1) a subject confirm themselves to an assertion that is not yet valid?  
2) a subject confirm themselves to an assertion that was valid but has since
expired?

paul

>-----Original Message-----
>From: Scott Cantor [mailto:cantor.2@osu.edu]
>Sent: Tuesday, May 25, 2004 2:17 PM
>To: 'Paul Madsen'; security-services@lists.oasis-open.org
>Subject: RE: [security-services] Comments on Core 13 & Profiles 08
>around SubjectConfirmationData
>
>
>> 1) Core schema doesn't currently allow for these NotOnOrAfter 
>> & NotBefore (nor the others) attributes on 
>> SubjectConfirmationData, the schema for which is
>> 
>>  <element name="SubjectConfirmationData" type="anyType" />
>
>That's arguable, since anyType implies anyAttribute (though 
>many parsers get
>this wrong).
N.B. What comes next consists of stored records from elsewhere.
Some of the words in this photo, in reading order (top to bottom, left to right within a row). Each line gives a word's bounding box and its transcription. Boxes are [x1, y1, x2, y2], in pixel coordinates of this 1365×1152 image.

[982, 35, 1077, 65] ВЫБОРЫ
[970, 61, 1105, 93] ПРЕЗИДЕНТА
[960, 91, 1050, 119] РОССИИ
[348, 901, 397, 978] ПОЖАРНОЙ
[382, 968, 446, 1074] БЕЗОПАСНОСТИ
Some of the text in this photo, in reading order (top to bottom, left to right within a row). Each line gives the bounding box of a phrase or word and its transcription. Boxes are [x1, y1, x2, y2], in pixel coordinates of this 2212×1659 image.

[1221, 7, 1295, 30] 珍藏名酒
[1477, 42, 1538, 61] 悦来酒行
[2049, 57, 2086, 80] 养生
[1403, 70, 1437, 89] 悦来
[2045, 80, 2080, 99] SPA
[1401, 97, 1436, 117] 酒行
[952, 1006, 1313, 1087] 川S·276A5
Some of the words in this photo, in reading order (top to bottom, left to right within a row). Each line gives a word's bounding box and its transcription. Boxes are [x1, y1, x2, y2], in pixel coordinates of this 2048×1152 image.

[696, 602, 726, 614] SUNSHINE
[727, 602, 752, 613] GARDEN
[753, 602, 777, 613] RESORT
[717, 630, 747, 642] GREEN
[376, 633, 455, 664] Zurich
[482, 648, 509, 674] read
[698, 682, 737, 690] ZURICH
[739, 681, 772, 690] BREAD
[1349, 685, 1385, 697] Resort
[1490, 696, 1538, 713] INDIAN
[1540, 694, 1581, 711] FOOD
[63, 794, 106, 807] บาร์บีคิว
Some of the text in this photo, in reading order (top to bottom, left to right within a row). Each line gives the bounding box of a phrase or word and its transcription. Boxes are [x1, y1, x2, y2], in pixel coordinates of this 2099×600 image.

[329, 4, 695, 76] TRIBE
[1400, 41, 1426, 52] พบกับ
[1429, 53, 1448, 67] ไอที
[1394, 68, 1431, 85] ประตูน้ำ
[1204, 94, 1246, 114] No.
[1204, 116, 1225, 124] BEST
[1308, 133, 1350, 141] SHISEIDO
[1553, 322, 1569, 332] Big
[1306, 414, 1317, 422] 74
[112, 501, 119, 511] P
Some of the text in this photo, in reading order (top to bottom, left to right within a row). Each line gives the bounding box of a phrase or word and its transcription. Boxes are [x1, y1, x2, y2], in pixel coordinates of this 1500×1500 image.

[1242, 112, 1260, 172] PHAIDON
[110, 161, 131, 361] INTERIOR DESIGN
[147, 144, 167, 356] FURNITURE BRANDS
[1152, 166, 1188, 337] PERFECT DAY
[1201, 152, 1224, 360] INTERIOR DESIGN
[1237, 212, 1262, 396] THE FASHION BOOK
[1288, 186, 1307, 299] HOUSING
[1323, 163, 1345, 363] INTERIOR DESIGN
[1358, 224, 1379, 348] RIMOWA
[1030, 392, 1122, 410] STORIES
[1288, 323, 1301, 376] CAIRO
However, on the call I suggested we define a new type to
>contain those attributes and reference it from profiles.
>
>> 2) Logically, the attributes NotOnOrAfter and NotBefore seem 
>> inconsistent with the above definition for 
>> SubjectConfirmationData, i.e. they are conditions on the 
>> confirmation rather than data to be used for that confirmation. 
>
>I think these amount to one and the same, and a key is essentially a
>condition on confirmation of HoK, but that's semantics. Will 
>look at text to
>see if it can be generalized a bit.
>
>> 3) What is the relation between these NotOnOrAfter and 
>> NotBefore attributes on SubjectConfirmationData and the 
>> attributes of the same name on the Condition element. What 
>> would it mean for an assertion to be valid for some interval 
>> (as defined by the times specifed in the Conditions element) 
>> but during which the Subject can't confirm itself (as 
>> specified by the times on the SubjectConfirmationData element)?
>
>This was discussed on call. An assertion could be valid 
>without a particular
>entity being able to confirm itself as the subject. Some 
>profiles/uses may
>not require that the entity using it can confirm itself as the subject.
>
>This is in fact what forwarding a SSO assertion would be, and 
>people do that
>today, so this proposal attempts to draw a line between these 
>two issues.
>You can confirm as bearer for 5 minutes, but the SP can do 
>X/Y/Z with it
>until some later time bounded by the issuer.
>
>-- Scott
>